— PROBLEM REQUIREMENTS —
Please reproduce the entries below exactly, omitting any images they contain.

== Segment start ==

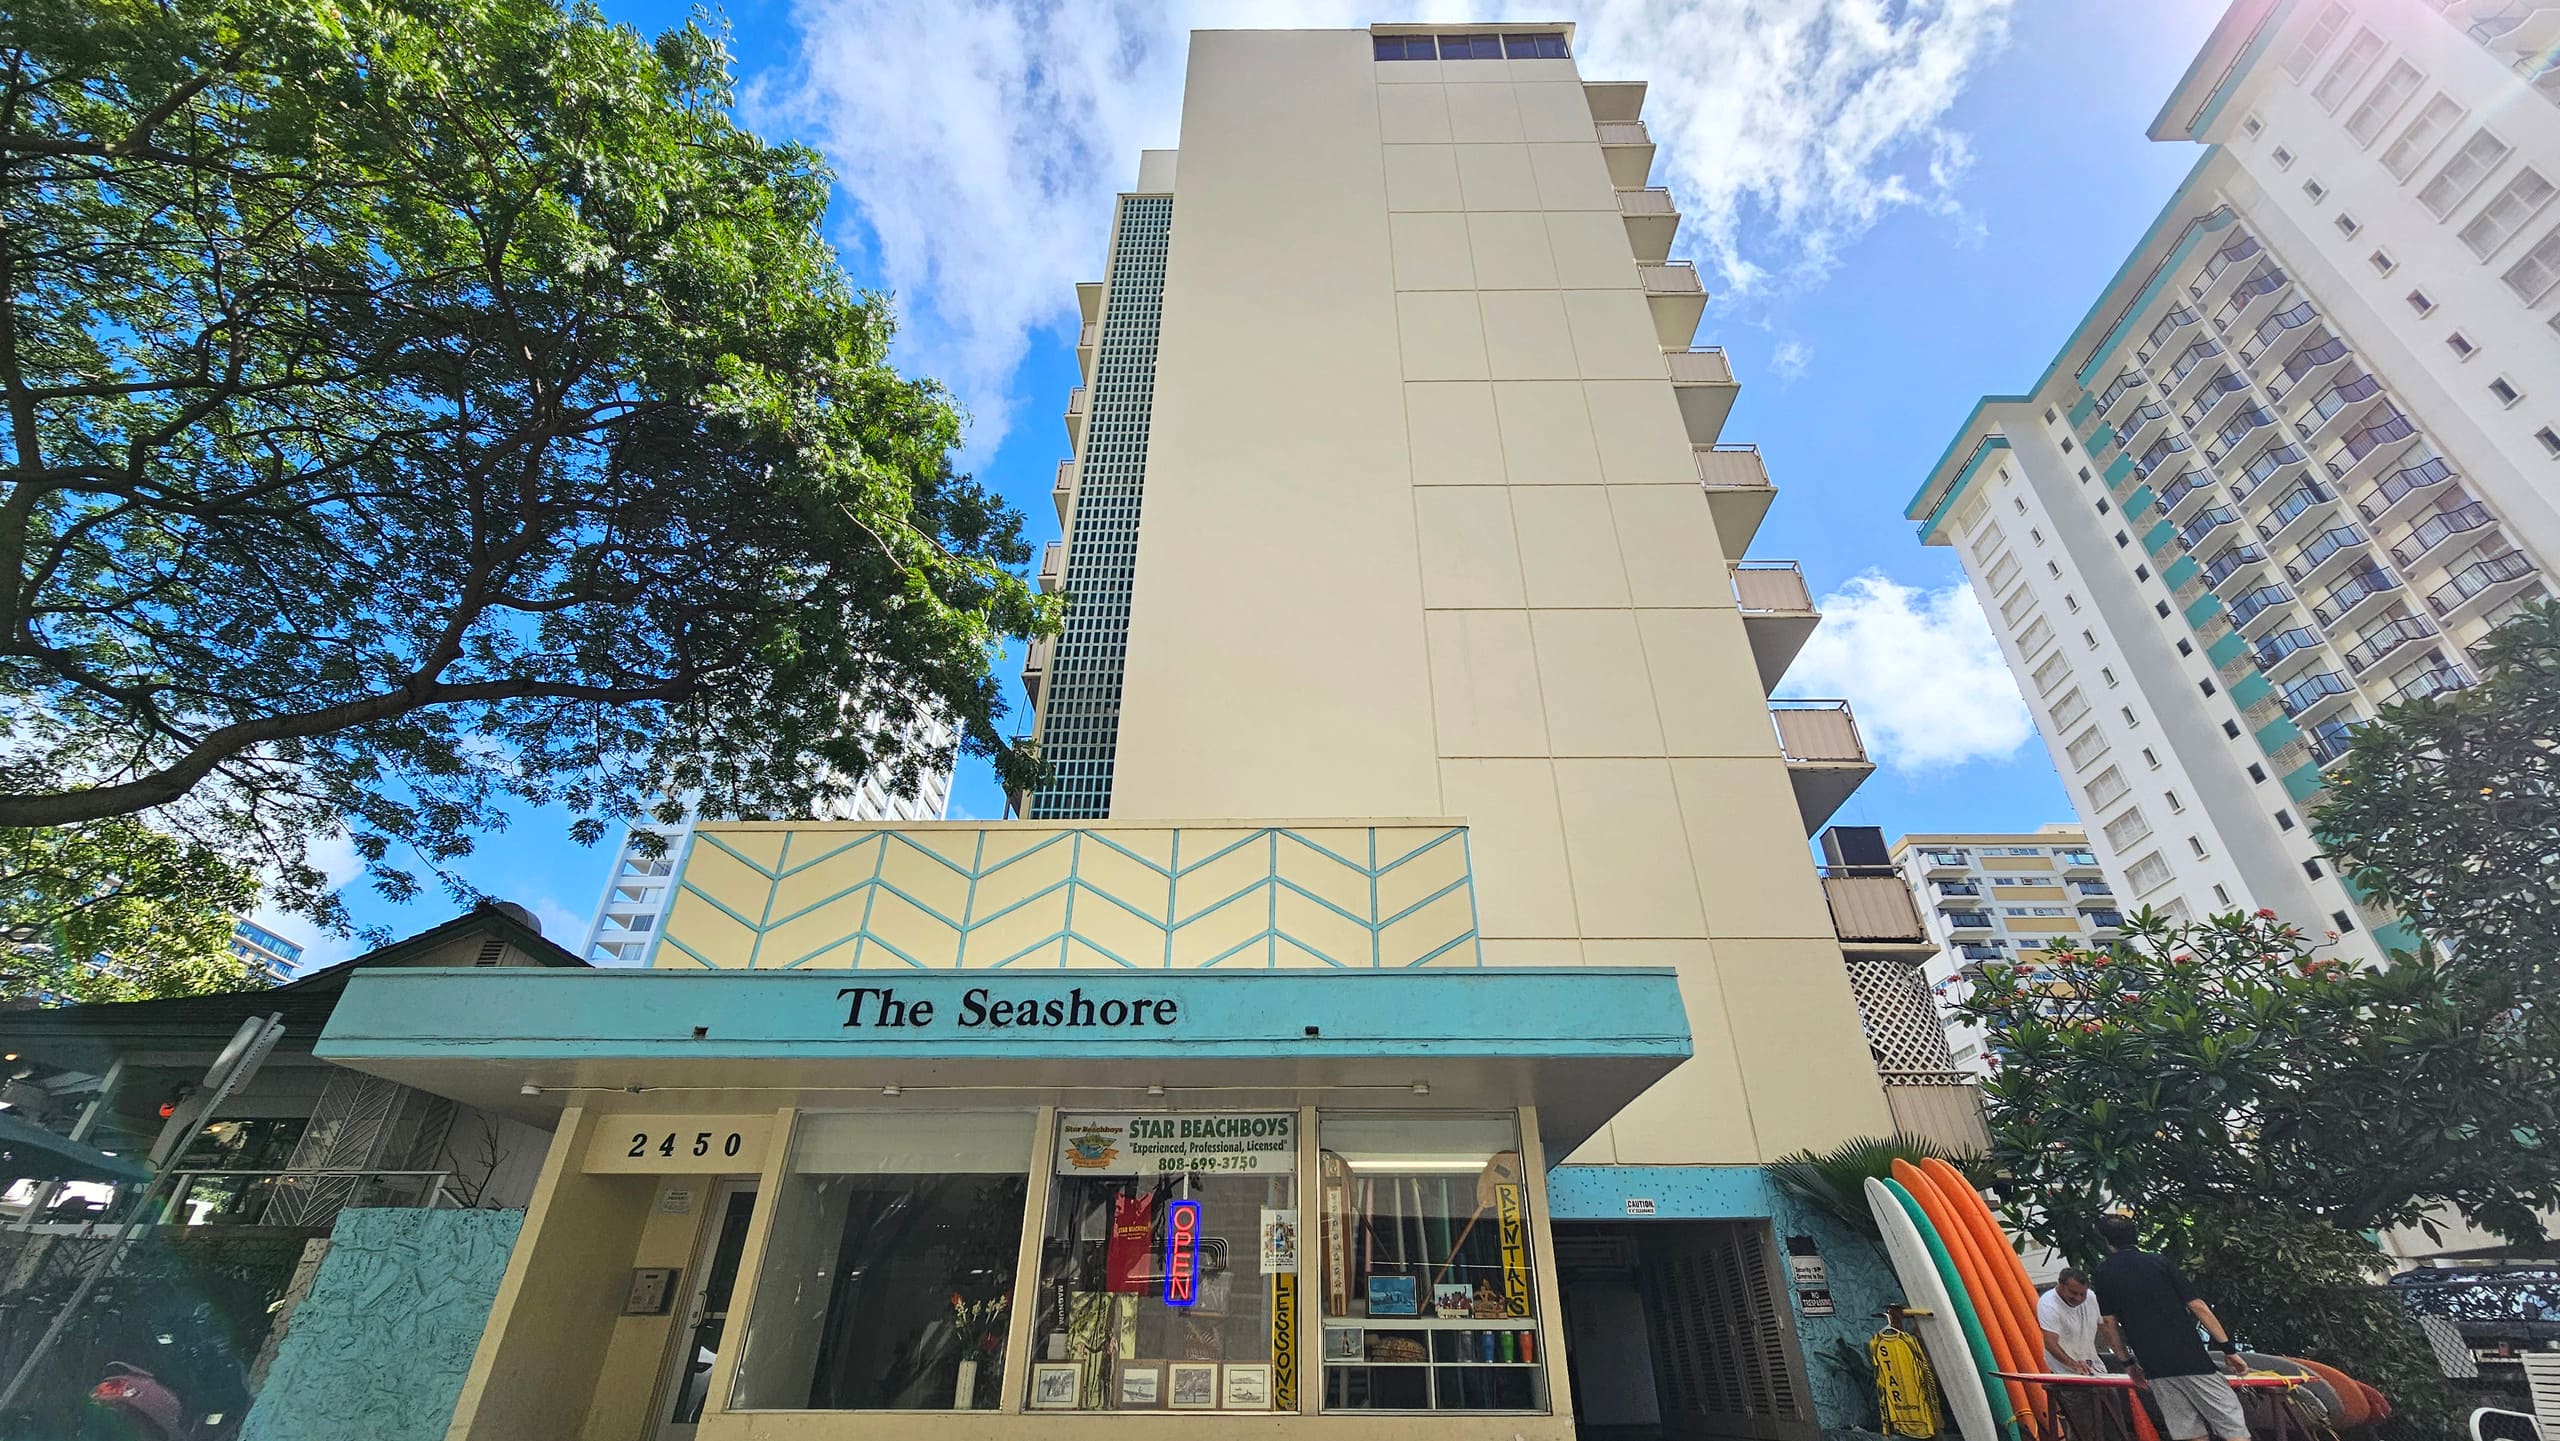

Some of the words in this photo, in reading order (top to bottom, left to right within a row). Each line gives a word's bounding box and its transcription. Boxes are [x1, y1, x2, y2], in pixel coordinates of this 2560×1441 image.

[837, 987, 934, 1028] The
[958, 987, 1178, 1028] Seashore
[1082, 1126, 1124, 1134] Beachboys
[1129, 1119, 1175, 1139] STAR
[1180, 1117, 1289, 1138] BEACHBOYS
[628, 1132, 742, 1158] 2450
[1129, 1142, 1187, 1157] "Experienced,
[1189, 1141, 1245, 1155] Professional,
[1247, 1139, 1288, 1152] Licensed"
[1158, 1155, 1258, 1171] 808-699-3750
[1627, 1200, 1654, 1208] CAUTION
[1171, 1206, 1195, 1300] OPEN
[1500, 1186, 1525, 1315] RENTALS
[1274, 1272, 1292, 1411] LESSONS
[1880, 1346, 1902, 1402] STAR

== Segment end ==

— REPLY —
Some of the words in this photo, in reading order (top to bottom, left to right within a row). Each line gives a word's bounding box and its transcription. Boxes are [x1, y1, x2, y2], in pixel coordinates of this 2560×1441 image.

[837, 987, 934, 1028] The
[958, 987, 1178, 1028] Seashore
[1082, 1126, 1124, 1134] Beachboys
[1129, 1119, 1175, 1139] STAR
[1180, 1117, 1289, 1138] BEACHBOYS
[628, 1132, 742, 1158] 2450
[1129, 1142, 1187, 1157] "Experienced,
[1189, 1141, 1245, 1155] Professional,
[1247, 1139, 1288, 1152] Licensed"
[1158, 1155, 1258, 1171] 808-699-3750
[1627, 1200, 1654, 1208] CAUTION
[1171, 1206, 1195, 1300] OPEN
[1500, 1186, 1525, 1315] RENTALS
[1274, 1272, 1292, 1411] LESSONS
[1880, 1346, 1902, 1402] STAR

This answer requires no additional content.